You aren't heading relentlessly to zero, you are looking for the lowest effective dose that gives you a decent quality of life and you have overshot that a bit. The lower you get, the slower you taper,
Thank you for the sound advice. I will try to follow it; but it is so difficult to get prescriptions for higher doses. One of the reasons for my quick taper is pressure from my medical providers. They behave as if prednisone is going to kill me .
Instead of which it is a life saver! Having had 5 years of PMR without pred, I can tell you that that doesn't do your mental health any good at all. Having had PMR as long as I have - without pred I'm pretty sure I'd have topped myself. Now what would they say to that I wonder ...
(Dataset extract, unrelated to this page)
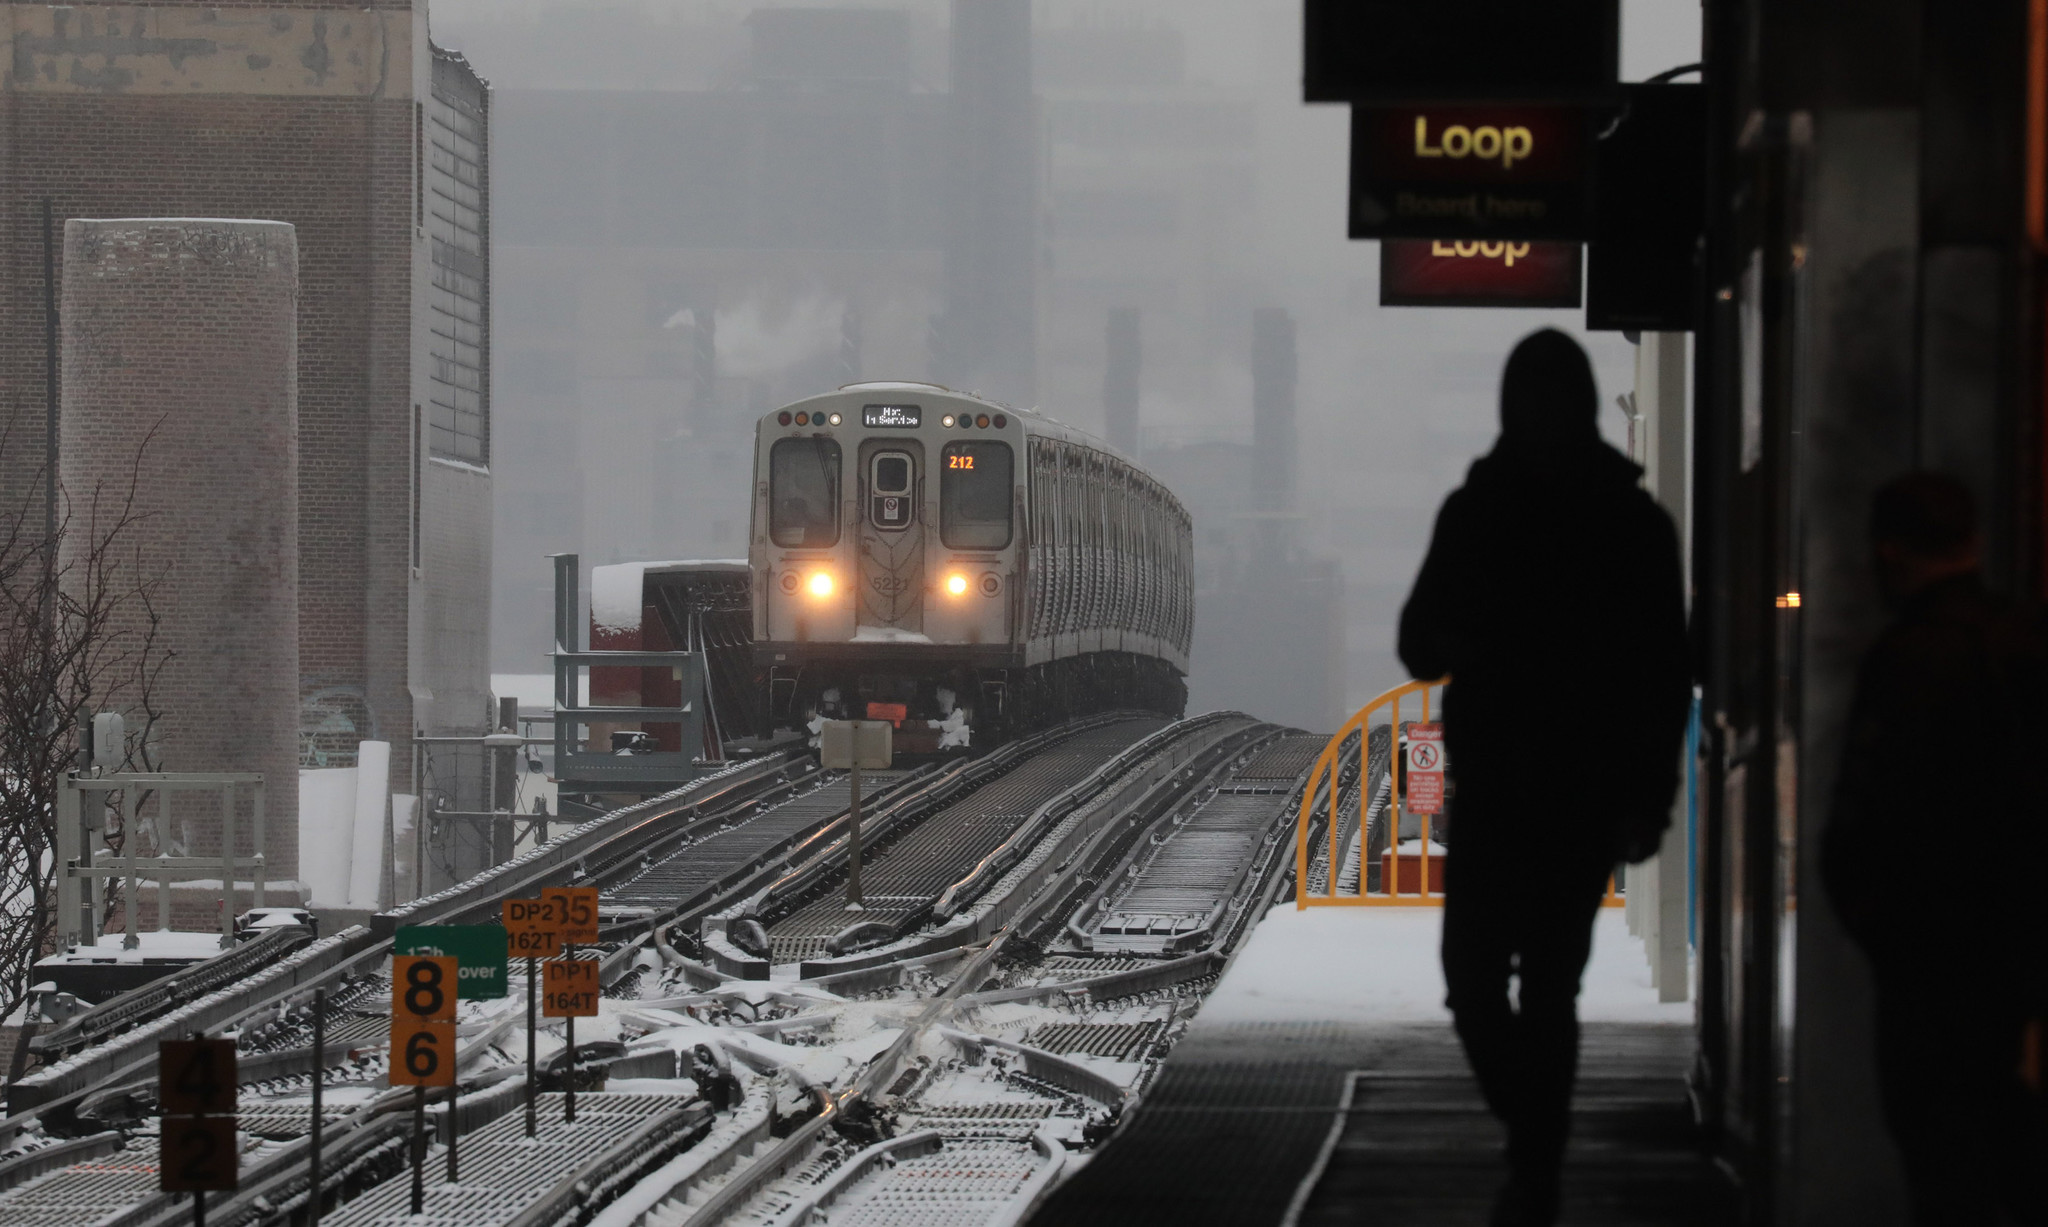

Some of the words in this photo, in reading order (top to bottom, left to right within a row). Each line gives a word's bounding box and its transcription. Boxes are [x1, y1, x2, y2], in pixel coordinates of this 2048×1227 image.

I think that attitude is a hangover from days when people might indeed have been kept on high dose pred for too long and it caused some debilitating side effects. There are a lot of us in this community who have been on mostly low dose pred for years and enjoying far more benefits than ill effects. Almost any medication can eventually cause some unwanted side effects, but the thing about pred is it's the only one which works consistently to relieve the symptoms of PMR and it's both unkind and unnecessary to deprive a patient who is doing well on pred.